Friday, April 30, 2010

Peeves and Obstacles

I'm not a very patient man.  I've gotten a little better over the years, but not much.  Impatience is a character flaw for anyone who has it, but it is a particular liability in ministry.  Ministry in the established church takes a mammoth amount of patience.

Discipleship, which I'm proposing here as the Biblical answer to the deficiencies of today's church, is a slow process.  Jesus, himself,  spent three years with his first twelve disciples, and it is painfully clear that even at the end of that time they are still "not getting it" a good part of the time.  We tend to think we are doing much better — that the vantage point of history and years of Sunday School have provided us with the clear answers.  I sincerely doubt this is true.  I imagine Christ looking on us today and thinking, "Two thousand years of trying and they still don't get it!"

A few years ago an influential member of our fellowship accused me of thinking I had all the answers.  I thought about that for a while, then responded by explaining that I actually know more about where I don't want to go, than where I want to go.  And that is really true.  Discipleship is a journey with an undefined (from our human vantage point) destination, because it's truly about following Jesus.  And Jesus has not offered us a complete description of the journey.  Trusting him is really the point of it all.  And our need to control the journey and its outcome is not really about discipleship.

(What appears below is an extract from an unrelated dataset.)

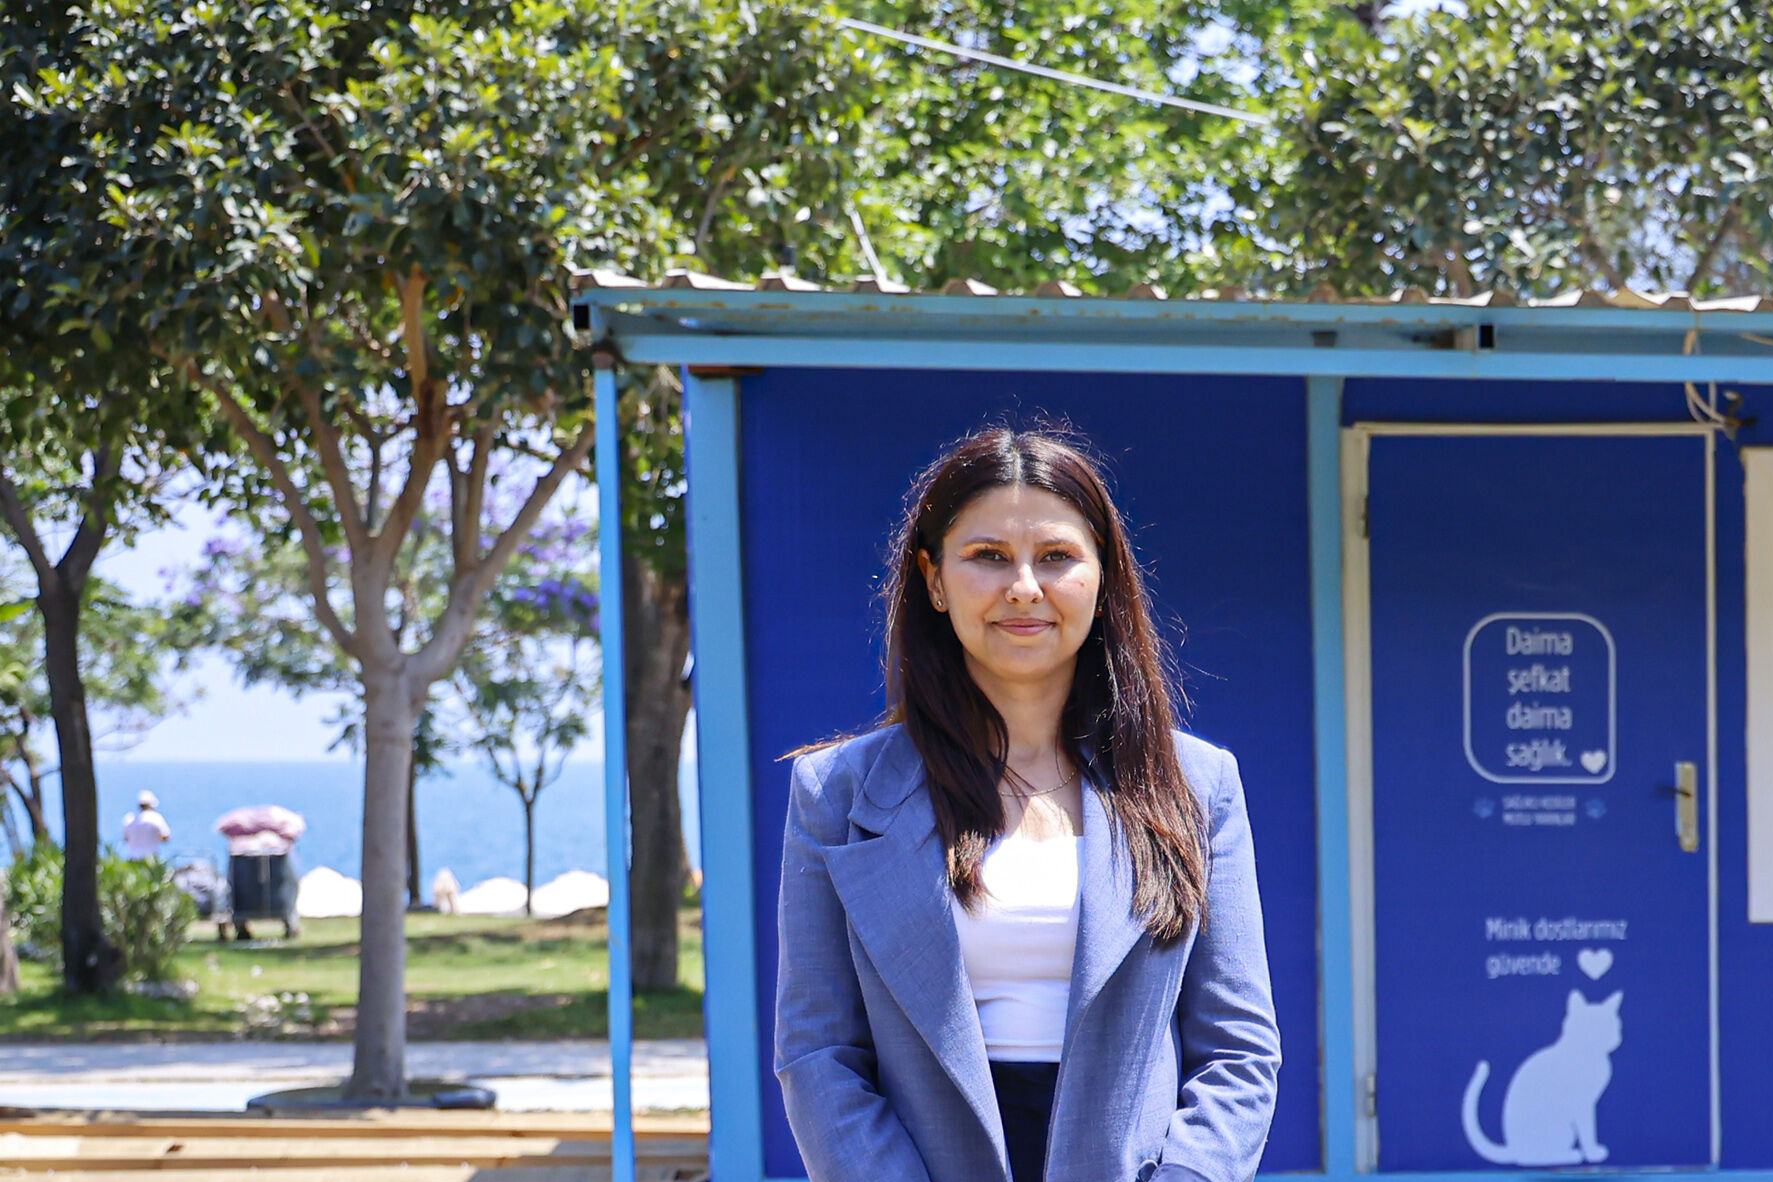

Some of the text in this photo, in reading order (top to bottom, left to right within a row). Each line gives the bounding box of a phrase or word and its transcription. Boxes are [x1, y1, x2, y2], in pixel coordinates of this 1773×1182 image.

It's been my observation, and my frustration, that the church would rather repeat well known mistakes than take the risk of making new ones.  And, in order to facilitate that dynamic, the church will pretend that it's well known mistakes are good ideas.

All of a sudden I realize I'm no longer a ministry rookie.  I've been at this for quite some time.  I'm no longer just the idealistic, inexperienced upstart who tries to change things, I'm the battle worn and experienced idealistic upstart.  And as I reflect on that journey so far, I see the thing I've had the hardest time with, the thing I've tended to become angry and bitter about, is the unwillingness of the church at large to concede its own failures.

The model of church that we've evolved is relatively easy.  We take very few risks.  Our commitment level is moderate at best.  And our expectation is generally that we will feel "good."  We are understandably reluctant to trade all that for a life of discipleship.  In fact, we probably won't trade it, unless we come to the conclusion that the journey we could take is more virtuous and honorable than the one we are on.  We would have to conclude that righteousness demands it.

But that is quite a leap.  The fact is, the church today does a lot of good.  It is feeding hungry people and, at least at a minimal level, it is spreading the Gospel.  When good deeds are done, and the Gospel is repeated, good things are going to happen.  But the church is also losing membership and influence.  It's members are less Biblically literate.  We cannot seem to cultivate an organic discipleship.  Concluding that the church is healthy because of the good it does is a bit like eating in a restaurant that can't pass its health inspections, simply because we like the flavor of the deserts.

I ordered Hugh Halter's new book.  The description talks about the outward signs of church success, and the reality of a church that is in decline.  This is an extremely well documented reality.  And yet, we seem to prefer the superficial signs of success over the embrace of what is.  I've tried to present hard numbers at times, to people who responded by saying, "you can make statistics say anything."  These are people who rely on such hard data for their jobs and their investment decisions.  But in regard to church, we would much rather embrace blissful ignorance.

This is, perhaps, the most formidable barrier to discipleship truly recapturing the heart and mind of the church.  And it is the one thing I have the most trouble forgiving us for.